Corona: Warum ich gegen die Verlängerung der Sonderrechte gestimmt habe

Sylvia Pantel erklärt, warum sie im Bundestag gegen die “Fortgeltung des Gesetzes der die epidemische Lage von nationaler Tragweite betreffenden Regelungen” gestimmt hat.

Düsseldorf-Süd, 6. März 2021

Liebe Blog-Leserinnen und liebe Blog-Leser,

am Donnerstag hat der Bundestag die Fortdauer einer epidemischen Lage von nationaler Tragweite und den damit verbundenen gesetzlichen Regelungen festgestellt. Ich habe diesmal aus mehreren Gründen dagegen gestimmt, da die Voraussetzung für dieses damals beschlossene Gesetz nicht mehr so vorhanden ist

Wir werden die Sterblichkeit durch von COVID19 verursachte Krankheiten in den nächsten Wochen, wenn die Impfungen der Risikogruppen Wirkung entfalten, senken können. Für durch COVID19 verursachte schwere Erkrankungsverläufe haben wir zunehmend mehr wirksame Behandlungsoptionen. Außerdem hat die Anzahl intensivmedizinisch behandelter COVID19-Fälle stark abgenommen und wir haben hohe Freikapazitäten in den Krankenhäusern.
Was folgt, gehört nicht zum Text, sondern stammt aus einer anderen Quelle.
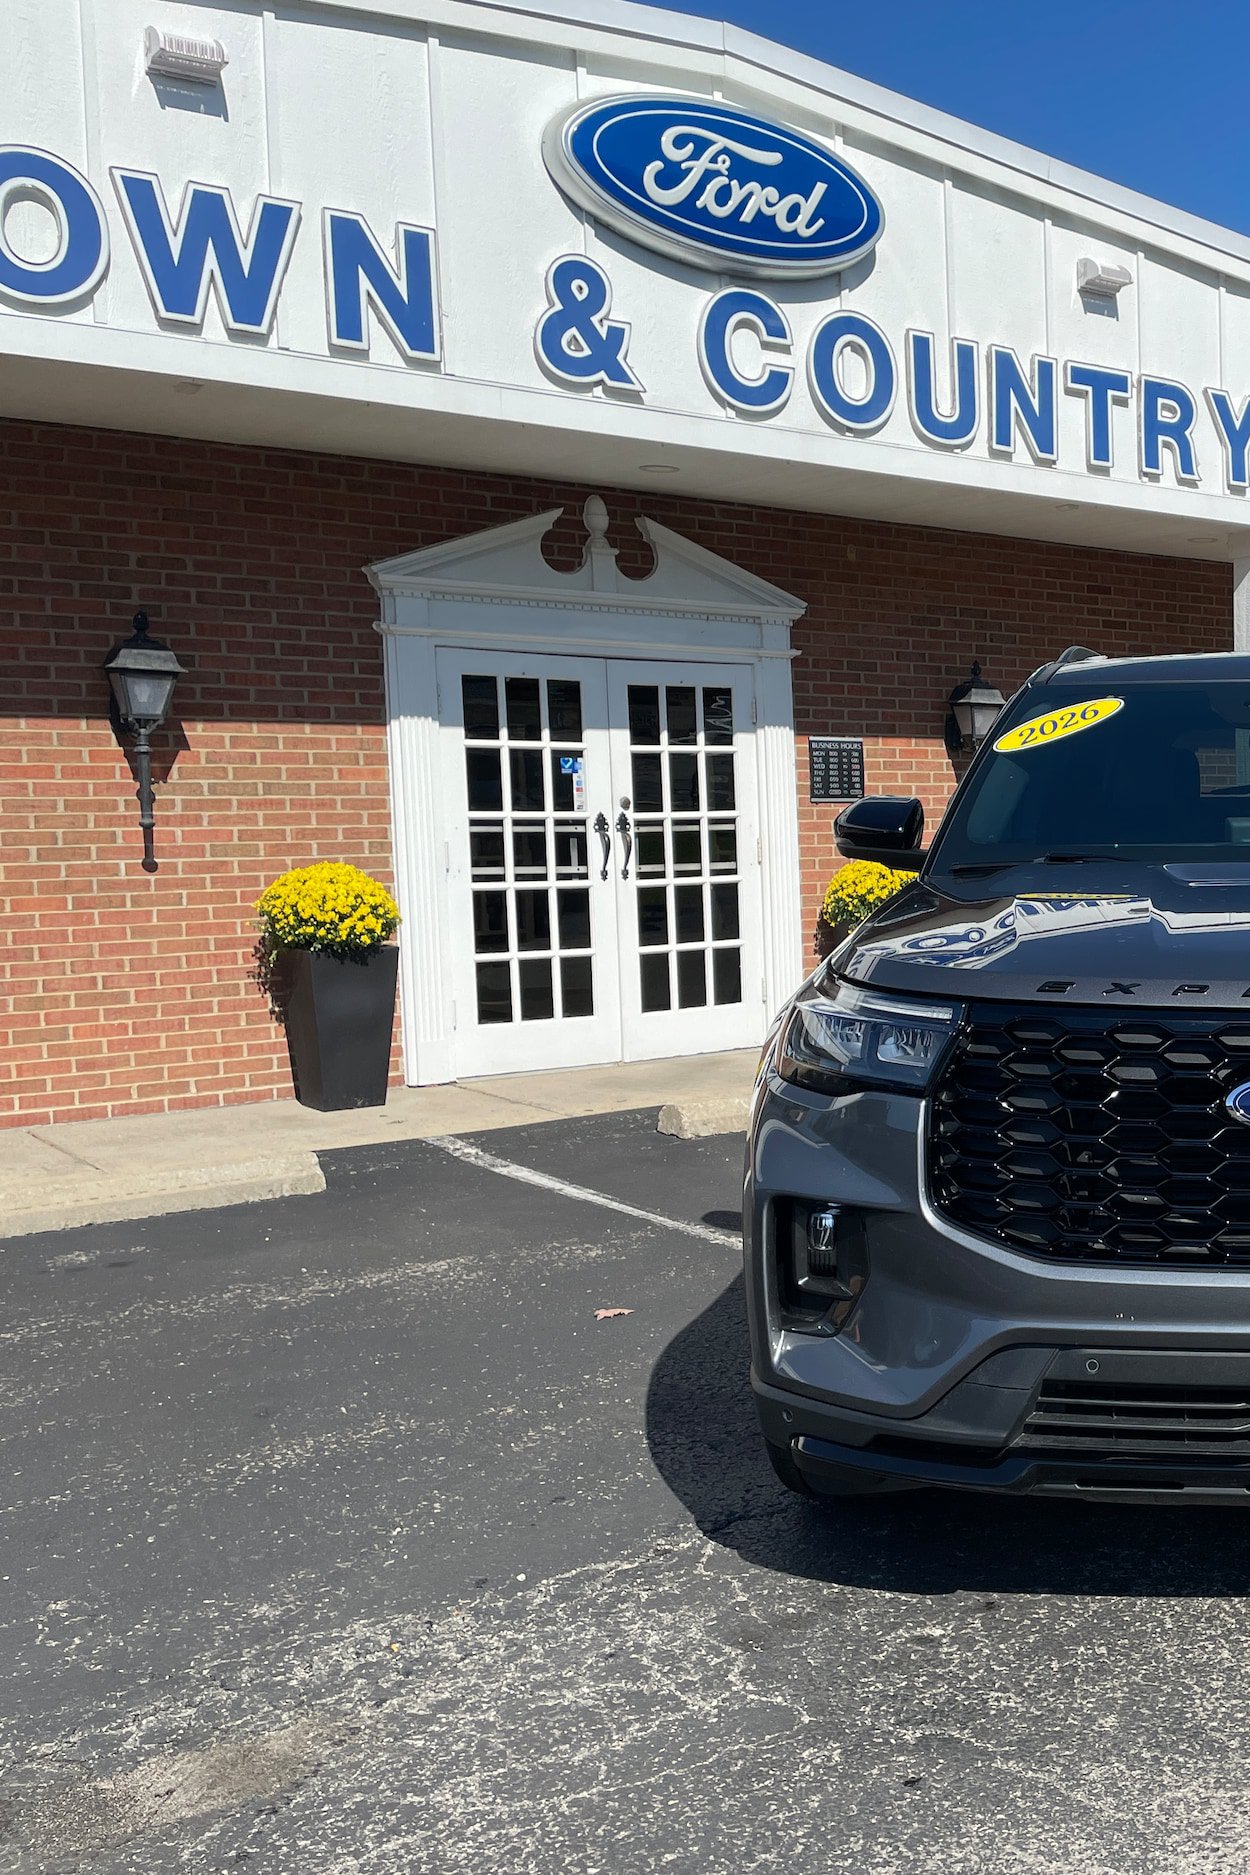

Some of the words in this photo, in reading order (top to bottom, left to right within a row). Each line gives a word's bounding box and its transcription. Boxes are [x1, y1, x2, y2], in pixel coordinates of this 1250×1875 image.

[643, 125, 828, 238] Ford
[0, 144, 442, 362] OWN
[536, 253, 645, 392] &
[840, 742, 862, 750] HOURS
[1018, 703, 1099, 746] 2026
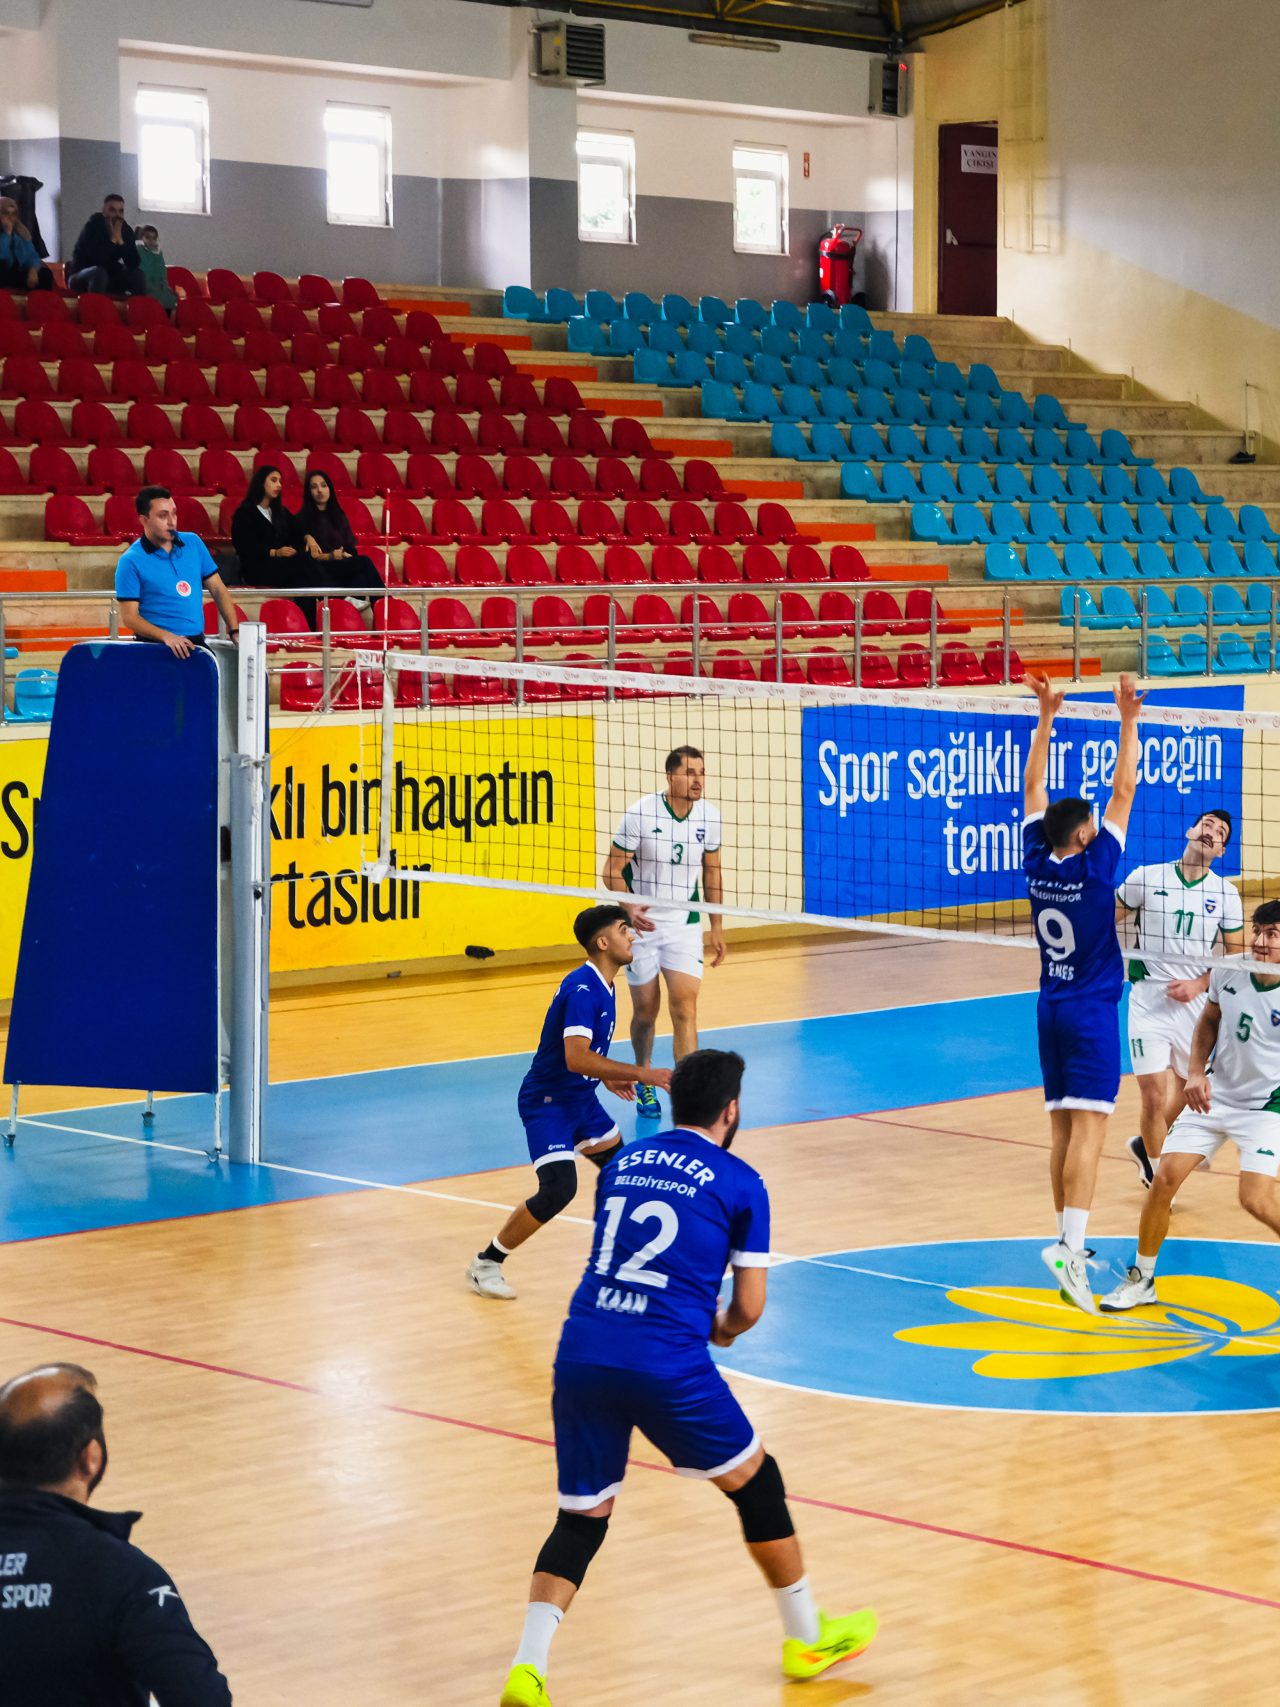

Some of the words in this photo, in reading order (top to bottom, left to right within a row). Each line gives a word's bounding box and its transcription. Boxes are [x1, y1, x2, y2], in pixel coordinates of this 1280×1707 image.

[818, 740, 898, 817] Spor
[907, 729, 1020, 809] sağlıklı
[1031, 728, 1073, 790] ir
[1079, 724, 1222, 800] geceğin
[321, 763, 382, 838] bir
[395, 760, 554, 843] hayatın
[671, 843, 685, 865] 3
[943, 807, 1024, 876] temi
[1037, 907, 1076, 961] 9
[1172, 908, 1195, 936] 11
[1235, 1011, 1254, 1042] 5
[1131, 1038, 1145, 1058] 11
[617, 1149, 715, 1187] ESENLER
[614, 1175, 697, 1198] BELEDİYESPOR
[594, 1196, 679, 1289] 12
[595, 1286, 649, 1315] KAAN
[0, 1552, 28, 1576] LER
[2, 1583, 52, 1609] SPOR
Eine Überlastung des Gesundheitssystems ist also nicht gegeben. Unsere Maßnahmen haben die Situation der letzten Monate, als noch Unklarheit über die Entwicklung und Ausbreitung des Virus‘ herrschte, erfolgreich verbessert. Die von Experten prognostizierten sehr hohen Zahlen in Hinblick auf die Verbreitung des Virus und die möglichen Todeszahlen haben sich glücklicherweise nicht bestätigt. Daher erscheint mir in der jetzigen Situation eine Einschränkung der Grundrechte und daher eine epidemische Lage von nationaler Tragweite mit entsprechenden gesetzlichen Regelungen nicht mehr gerechtfertigt zu sein.

 

Darüber hinaus denke ich, dass man behördliche Maßnahmen zum Schutz vor dem Virus zunehmend örtlich durch Bundesland oder Kommune treffen sollte. Zahlreiche Gerichte haben in Einzelfallentscheidungen gezeigt, dass die national geltenden Anti-COVID19-Maßnahmen auf kommunaler Ebene nicht immer verhältnismäßig und angemessen sind. Daher ist es nicht angebracht, weiterhin von einer nationalen Notlage zu sprechen und einen Ausnahmezustand für das gesamte Land mit entsprechenden Regelungen auszurufen. Stattdessen sollten wir Maßnahmen gegen die Pandemie verstärkt auf örtlicher Ebene ergreifen, wenn dort auf ein lokales Infektionsgeschehen reagiert werden muss. Die Oberbürgermeister von Tübingen und Rostock haben erfolgreiche Vorschläge gemacht, wie kommunal mit dem Virus umgegangen werden kann. Zum Beispiel solle man anstatt starrer Inzidenzwerte, die nicht aussagekräftig sind, die Belegung von Krankenhäusern oder die Verbreitung von Virusmutationen als Grundlage für behördliche Anti-COVID19-Maßnahmen nehmen. Wir sollten diese Vorschläge beachten und den Verantwortlichen vor Ort ermöglichen, lokal und nur dort wo nötig auf das Infektionsgeschehen reagieren zu können.

Zuletzt wurden Öffnungen bspw. für Friseure und Gartenmärkte beschlossen während zahlreiche Bereiche des öffentlichen und wirtschaftlichen Lebens weiterhin unterbunden werden. Das führt zu einer Situation, in der viele zurecht eine Ungleichbehandlung feststellen, vor allem, wenn diese Ausnahmeregelungen nicht ausreichend begründet sind. Der Maßstab für behördliches Handeln sollte so angelegt sein, wie hoch die Gefahr einer Infektion vor Ort ist. Für viele Innenstadtläden mit Hygienekonzepten ist die Antwort auf diese Frage die gleiche wie für körpernahe Dienstleistungen wie Haarschnitt und Frisuren: die Gefahr einer Infektion kann mit Hygienekonzepten verringert werden. Da wie eingangs erklärt davon auszugehen ist, dass auch die gesundheitlichen Risiken einer Infektion in der nahen Zukunft stark abnehmen werden, sollte die Ausnahmeregelung nicht nur für Friseure und Gartenmärkte gelten. Ich spreche mich stattdessen für eine schrittweise Öffnung des gesellschaftlichen und wirtschaftlichen Alltags aus und ein zunehmendes kommunales Pandemiemanagement. Deshalb habe ich gegen das Gesetz zur Fortgeltung der die epidemische Lage von nationaler Tragweite betreffenden Regelungen gestimmt.